■ **WHAT YOU SHOULD DO**:
Only the pictures are dropped. Restate each line below word for word.

□ □ □

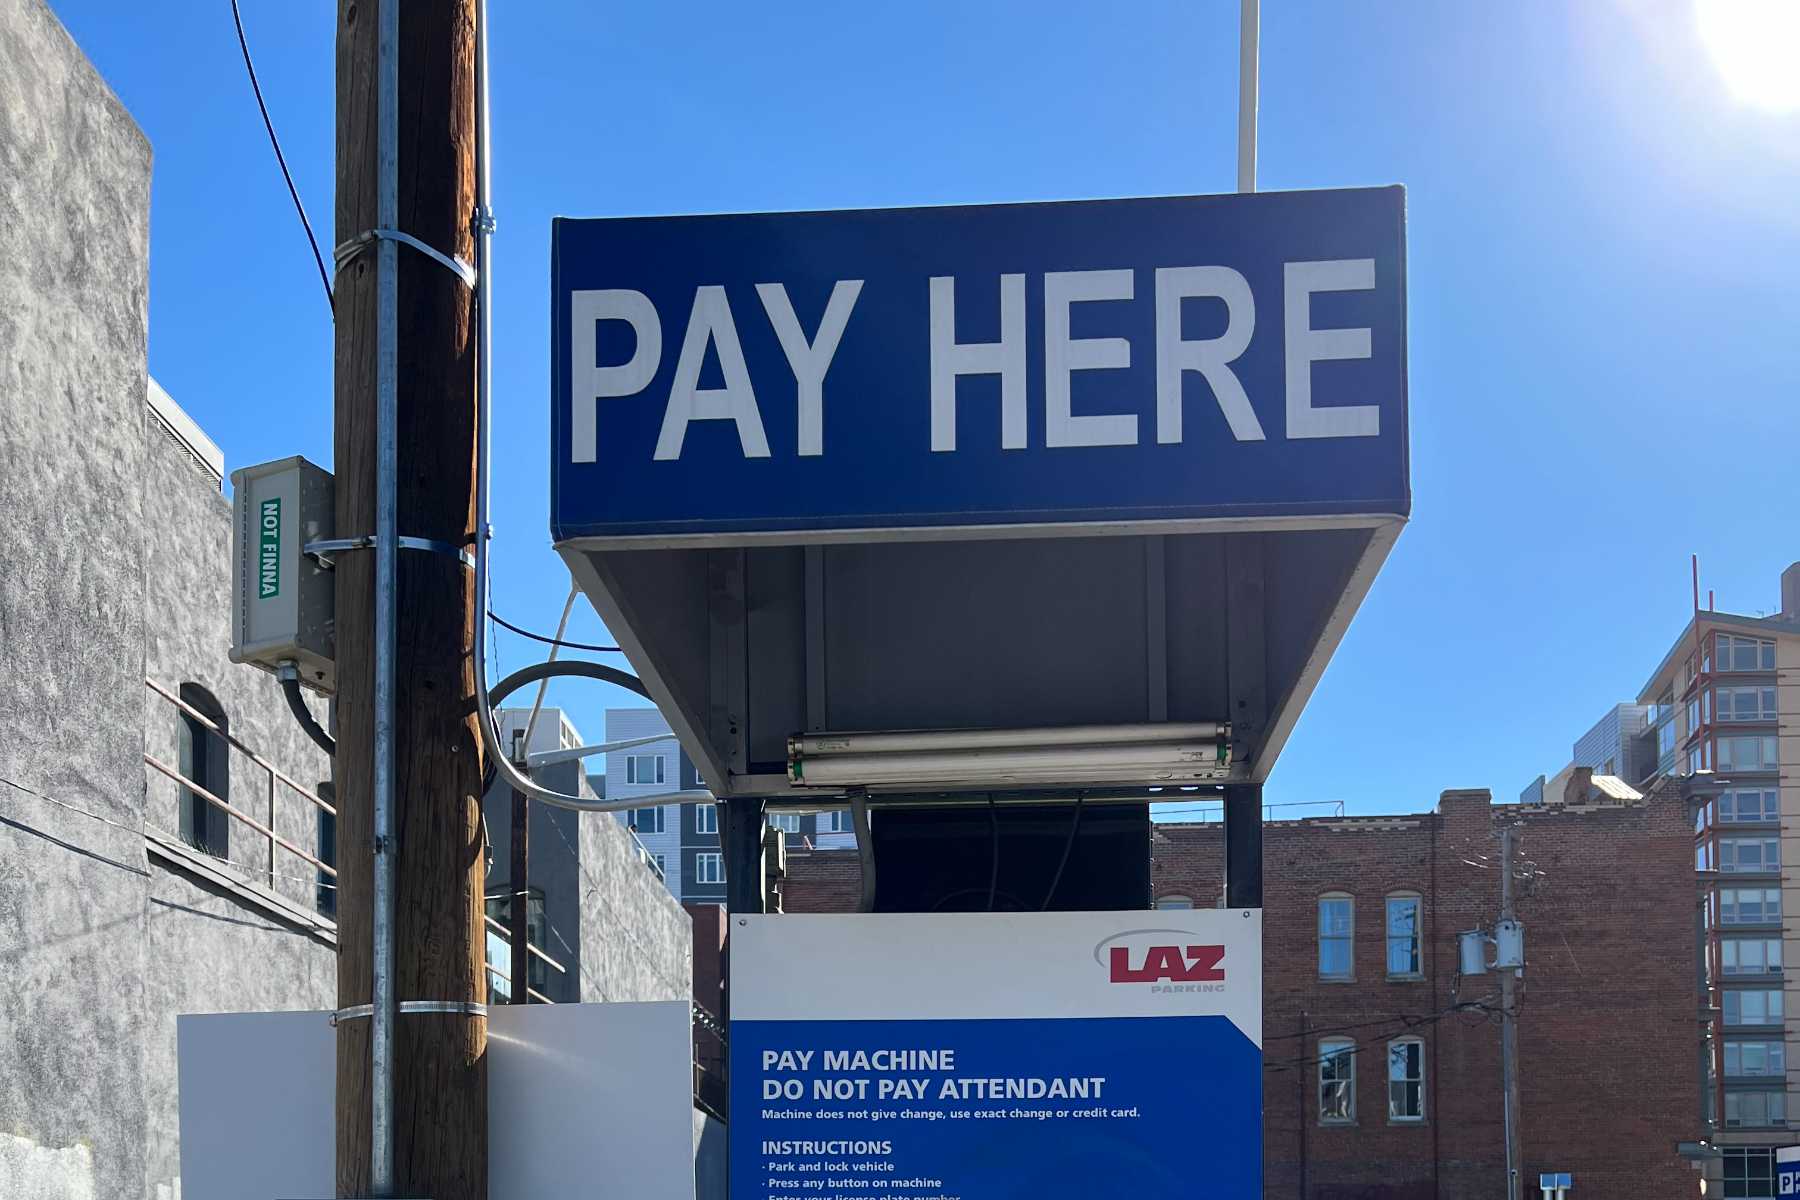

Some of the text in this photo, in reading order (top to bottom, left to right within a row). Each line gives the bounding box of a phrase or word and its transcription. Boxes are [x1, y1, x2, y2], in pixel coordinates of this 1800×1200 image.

[571, 258, 1380, 464] PAY HERE
[262, 503, 278, 595] NOT FINNA
[1110, 944, 1225, 983] LAZ
[1151, 984, 1226, 994] PARKING
[762, 1049, 954, 1071] PAY MACHINE
[763, 1077, 1105, 1100] DO NOT PAY ATTENDANT
[762, 1108, 812, 1119] Machine
[815, 1108, 844, 1119] does
[847, 1109, 868, 1118] not
[871, 1108, 896, 1121] give
[900, 1108, 945, 1120] change,
[950, 1110, 970, 1118] use
[973, 1108, 1006, 1118] exact
[1009, 1107, 1052, 1120] change
[1072, 1107, 1107, 1117] credit
[1110, 1106, 1140, 1117] card.
[762, 1140, 891, 1155] INSTRUCTIONS
[768, 1161, 894, 1171] Park and lock vehicle
[768, 1177, 941, 1190] Press any button on machine
[1782, 1176, 1791, 1192] P

□ □ □

■ **SOLUTION TO THE PROBLEM**:
Some of the text in this photo, in reading order (top to bottom, left to right within a row). Each line gives the bounding box of a phrase or word and its transcription. Boxes are [x1, y1, x2, y2], in pixel coordinates of this 1800×1200 image.

[571, 258, 1380, 464] PAY HERE
[262, 503, 278, 595] NOT FINNA
[1110, 944, 1225, 983] LAZ
[1151, 984, 1226, 994] PARKING
[762, 1049, 954, 1071] PAY MACHINE
[763, 1077, 1105, 1100] DO NOT PAY ATTENDANT
[762, 1108, 812, 1119] Machine
[815, 1108, 844, 1119] does
[847, 1109, 868, 1118] not
[871, 1108, 896, 1121] give
[900, 1108, 945, 1120] change,
[950, 1110, 970, 1118] use
[973, 1108, 1006, 1118] exact
[1009, 1107, 1052, 1120] change
[1072, 1107, 1107, 1117] credit
[1110, 1106, 1140, 1117] card.
[762, 1140, 891, 1155] INSTRUCTIONS
[768, 1161, 894, 1171] Park and lock vehicle
[768, 1177, 941, 1190] Press any button on machine
[1782, 1176, 1791, 1192] P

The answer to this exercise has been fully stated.